> _ACTION ITEM_: Locate the line containing "this 1512×1512 image.", then please write out that line and all the lines below it in the entries exactly.

> _EXTRACTED DATA_:
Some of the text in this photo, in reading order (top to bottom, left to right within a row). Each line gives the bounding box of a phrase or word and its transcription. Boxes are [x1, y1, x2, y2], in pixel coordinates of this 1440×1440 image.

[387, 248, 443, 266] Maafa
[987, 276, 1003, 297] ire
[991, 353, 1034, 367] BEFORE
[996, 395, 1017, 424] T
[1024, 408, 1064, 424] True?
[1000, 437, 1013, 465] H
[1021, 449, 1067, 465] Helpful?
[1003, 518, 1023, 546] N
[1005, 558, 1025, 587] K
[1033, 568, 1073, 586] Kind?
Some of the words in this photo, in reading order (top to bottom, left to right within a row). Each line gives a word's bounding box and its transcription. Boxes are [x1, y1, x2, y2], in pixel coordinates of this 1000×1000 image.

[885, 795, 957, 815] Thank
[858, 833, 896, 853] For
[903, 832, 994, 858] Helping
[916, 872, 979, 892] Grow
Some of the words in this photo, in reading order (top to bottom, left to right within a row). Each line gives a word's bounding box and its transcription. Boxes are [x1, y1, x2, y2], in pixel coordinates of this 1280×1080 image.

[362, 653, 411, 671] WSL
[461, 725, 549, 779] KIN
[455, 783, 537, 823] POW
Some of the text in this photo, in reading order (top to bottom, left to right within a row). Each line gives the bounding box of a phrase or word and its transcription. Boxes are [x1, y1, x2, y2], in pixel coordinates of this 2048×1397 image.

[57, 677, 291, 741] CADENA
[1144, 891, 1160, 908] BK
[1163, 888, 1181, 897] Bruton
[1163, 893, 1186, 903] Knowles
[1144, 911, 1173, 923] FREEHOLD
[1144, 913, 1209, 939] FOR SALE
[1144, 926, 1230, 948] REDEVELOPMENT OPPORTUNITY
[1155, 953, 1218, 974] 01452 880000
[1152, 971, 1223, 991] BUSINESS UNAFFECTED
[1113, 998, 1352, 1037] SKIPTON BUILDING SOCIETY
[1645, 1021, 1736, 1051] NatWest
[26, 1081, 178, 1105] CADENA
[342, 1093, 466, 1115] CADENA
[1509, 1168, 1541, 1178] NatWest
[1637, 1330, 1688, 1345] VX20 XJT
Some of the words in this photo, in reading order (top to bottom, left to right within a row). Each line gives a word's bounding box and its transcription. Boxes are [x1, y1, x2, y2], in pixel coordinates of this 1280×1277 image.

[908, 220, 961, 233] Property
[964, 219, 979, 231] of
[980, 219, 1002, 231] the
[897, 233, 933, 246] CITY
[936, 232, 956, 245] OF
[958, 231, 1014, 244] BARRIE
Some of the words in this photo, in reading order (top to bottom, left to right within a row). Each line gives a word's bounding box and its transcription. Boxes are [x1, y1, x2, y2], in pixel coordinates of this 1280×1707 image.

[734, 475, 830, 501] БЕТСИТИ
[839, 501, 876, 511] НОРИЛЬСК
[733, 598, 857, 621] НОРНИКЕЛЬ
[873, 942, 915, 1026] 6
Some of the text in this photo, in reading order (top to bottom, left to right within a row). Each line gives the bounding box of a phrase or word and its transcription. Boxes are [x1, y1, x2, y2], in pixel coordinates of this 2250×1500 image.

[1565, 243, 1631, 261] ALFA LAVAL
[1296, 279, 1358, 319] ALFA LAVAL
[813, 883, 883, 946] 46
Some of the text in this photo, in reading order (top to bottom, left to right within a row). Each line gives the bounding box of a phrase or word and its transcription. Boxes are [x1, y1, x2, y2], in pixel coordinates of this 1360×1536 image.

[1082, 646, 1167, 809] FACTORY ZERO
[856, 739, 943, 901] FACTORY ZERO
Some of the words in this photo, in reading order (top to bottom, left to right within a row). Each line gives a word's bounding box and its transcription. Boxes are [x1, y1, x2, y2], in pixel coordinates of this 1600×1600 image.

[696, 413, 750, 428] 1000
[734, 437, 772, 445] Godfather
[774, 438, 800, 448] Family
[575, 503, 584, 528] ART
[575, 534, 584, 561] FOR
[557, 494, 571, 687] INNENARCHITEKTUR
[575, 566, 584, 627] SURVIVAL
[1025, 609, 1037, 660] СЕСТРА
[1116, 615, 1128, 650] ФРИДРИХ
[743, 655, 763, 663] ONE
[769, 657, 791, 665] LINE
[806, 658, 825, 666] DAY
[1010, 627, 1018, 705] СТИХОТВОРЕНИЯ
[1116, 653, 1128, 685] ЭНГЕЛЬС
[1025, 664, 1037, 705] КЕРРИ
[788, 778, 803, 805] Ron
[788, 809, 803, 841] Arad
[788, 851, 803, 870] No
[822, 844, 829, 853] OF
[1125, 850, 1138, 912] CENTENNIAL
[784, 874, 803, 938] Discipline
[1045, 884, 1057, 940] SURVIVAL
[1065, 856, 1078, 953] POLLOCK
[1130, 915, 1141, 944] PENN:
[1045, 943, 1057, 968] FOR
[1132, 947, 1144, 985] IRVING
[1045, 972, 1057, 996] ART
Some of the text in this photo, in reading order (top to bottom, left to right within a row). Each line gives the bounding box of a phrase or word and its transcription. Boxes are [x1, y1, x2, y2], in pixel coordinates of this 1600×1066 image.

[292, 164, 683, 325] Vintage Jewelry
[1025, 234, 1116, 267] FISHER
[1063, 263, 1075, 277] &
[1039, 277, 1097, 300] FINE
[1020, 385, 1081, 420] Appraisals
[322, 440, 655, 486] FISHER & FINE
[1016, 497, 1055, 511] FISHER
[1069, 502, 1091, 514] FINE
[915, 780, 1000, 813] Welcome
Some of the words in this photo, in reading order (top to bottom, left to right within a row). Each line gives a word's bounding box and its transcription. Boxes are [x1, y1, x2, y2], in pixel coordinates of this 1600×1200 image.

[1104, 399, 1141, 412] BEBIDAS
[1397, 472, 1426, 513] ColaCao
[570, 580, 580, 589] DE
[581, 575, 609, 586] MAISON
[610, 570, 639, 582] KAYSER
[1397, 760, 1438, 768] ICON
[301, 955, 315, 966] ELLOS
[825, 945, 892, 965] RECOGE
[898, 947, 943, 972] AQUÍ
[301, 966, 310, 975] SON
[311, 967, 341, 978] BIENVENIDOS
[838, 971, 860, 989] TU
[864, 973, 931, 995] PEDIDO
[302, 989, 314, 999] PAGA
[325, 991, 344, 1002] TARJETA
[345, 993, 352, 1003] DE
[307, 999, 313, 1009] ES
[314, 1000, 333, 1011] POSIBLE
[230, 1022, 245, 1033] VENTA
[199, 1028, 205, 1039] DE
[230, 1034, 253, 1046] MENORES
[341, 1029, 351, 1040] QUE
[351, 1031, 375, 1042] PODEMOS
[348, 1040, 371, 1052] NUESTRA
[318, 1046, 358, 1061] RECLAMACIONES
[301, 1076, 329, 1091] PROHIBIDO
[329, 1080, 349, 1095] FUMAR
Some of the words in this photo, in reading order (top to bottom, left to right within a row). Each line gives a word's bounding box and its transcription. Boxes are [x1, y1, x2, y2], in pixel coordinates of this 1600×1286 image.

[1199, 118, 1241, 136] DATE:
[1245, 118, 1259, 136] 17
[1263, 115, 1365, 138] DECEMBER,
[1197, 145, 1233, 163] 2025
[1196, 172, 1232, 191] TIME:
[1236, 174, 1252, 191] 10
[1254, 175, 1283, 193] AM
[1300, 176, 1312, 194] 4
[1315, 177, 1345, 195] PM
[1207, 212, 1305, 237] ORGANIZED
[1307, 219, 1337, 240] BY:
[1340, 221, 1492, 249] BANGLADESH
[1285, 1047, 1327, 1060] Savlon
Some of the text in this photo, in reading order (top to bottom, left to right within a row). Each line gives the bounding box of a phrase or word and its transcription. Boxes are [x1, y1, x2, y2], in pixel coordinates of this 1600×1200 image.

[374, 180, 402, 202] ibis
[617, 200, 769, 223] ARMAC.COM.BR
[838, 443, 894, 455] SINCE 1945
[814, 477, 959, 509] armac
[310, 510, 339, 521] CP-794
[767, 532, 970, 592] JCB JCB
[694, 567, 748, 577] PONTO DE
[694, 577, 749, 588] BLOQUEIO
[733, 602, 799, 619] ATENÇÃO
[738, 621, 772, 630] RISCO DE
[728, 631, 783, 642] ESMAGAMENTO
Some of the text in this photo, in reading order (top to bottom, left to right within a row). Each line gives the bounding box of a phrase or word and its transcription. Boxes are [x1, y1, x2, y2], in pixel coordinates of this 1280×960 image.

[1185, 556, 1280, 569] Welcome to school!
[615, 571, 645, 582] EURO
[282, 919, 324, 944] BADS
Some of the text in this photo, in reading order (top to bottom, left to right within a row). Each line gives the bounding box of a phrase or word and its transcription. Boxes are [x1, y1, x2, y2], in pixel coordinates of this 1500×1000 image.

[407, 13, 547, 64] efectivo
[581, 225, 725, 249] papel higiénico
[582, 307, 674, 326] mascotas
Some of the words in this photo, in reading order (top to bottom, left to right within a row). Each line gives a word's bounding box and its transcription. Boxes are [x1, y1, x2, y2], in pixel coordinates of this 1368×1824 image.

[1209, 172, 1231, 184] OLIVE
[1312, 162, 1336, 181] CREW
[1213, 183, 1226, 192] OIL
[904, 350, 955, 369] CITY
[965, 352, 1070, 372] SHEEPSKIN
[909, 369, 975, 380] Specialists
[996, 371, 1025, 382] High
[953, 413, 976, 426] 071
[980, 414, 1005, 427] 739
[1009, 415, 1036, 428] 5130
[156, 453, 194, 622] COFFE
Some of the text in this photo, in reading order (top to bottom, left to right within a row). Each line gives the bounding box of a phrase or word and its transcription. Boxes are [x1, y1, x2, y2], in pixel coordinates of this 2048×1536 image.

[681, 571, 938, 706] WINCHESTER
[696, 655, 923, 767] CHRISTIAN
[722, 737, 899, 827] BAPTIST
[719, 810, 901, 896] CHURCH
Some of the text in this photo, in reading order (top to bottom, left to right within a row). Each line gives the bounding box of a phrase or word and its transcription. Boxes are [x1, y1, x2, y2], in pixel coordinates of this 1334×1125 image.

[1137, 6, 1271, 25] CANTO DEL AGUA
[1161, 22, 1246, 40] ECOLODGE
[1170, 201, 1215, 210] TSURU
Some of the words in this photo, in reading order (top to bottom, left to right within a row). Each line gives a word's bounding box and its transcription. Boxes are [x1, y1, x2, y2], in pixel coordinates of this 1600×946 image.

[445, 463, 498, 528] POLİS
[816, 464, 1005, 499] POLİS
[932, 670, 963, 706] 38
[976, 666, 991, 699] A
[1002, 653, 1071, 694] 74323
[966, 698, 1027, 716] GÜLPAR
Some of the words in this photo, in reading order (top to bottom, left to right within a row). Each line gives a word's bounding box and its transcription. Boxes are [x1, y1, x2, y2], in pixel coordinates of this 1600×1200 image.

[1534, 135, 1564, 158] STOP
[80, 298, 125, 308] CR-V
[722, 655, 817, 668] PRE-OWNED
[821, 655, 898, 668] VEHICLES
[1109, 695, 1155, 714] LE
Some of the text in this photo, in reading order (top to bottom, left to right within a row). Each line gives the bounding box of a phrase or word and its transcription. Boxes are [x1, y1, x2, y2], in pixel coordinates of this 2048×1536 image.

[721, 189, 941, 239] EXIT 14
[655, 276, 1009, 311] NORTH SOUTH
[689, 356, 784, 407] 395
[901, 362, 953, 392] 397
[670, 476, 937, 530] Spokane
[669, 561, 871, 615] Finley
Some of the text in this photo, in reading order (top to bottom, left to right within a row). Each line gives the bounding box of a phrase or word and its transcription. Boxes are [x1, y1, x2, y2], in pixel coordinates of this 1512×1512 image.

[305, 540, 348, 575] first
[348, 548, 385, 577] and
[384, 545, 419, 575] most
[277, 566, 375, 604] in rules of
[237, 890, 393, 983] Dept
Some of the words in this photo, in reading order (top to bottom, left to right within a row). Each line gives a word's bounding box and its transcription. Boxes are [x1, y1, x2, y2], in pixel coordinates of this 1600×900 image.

> _RESULT FOR THIS TASK_:
Some of the text in this photo, in reading order (top to bottom, left to right within a row). Each line gives the bounding box of a phrase or word and its transcription. Boxes are [x1, y1, x2, y2], in pixel coordinates of this 1512×1512 image.

[305, 540, 348, 575] first
[348, 548, 385, 577] and
[384, 545, 419, 575] most
[277, 566, 375, 604] in rules of
[237, 890, 393, 983] Dept
Some of the words in this photo, in reading order (top to bottom, left to right within a row). Each line gives a word's bounding box and its transcription. Boxes are [x1, y1, x2, y2], in pixel coordinates of this 1600×900 image.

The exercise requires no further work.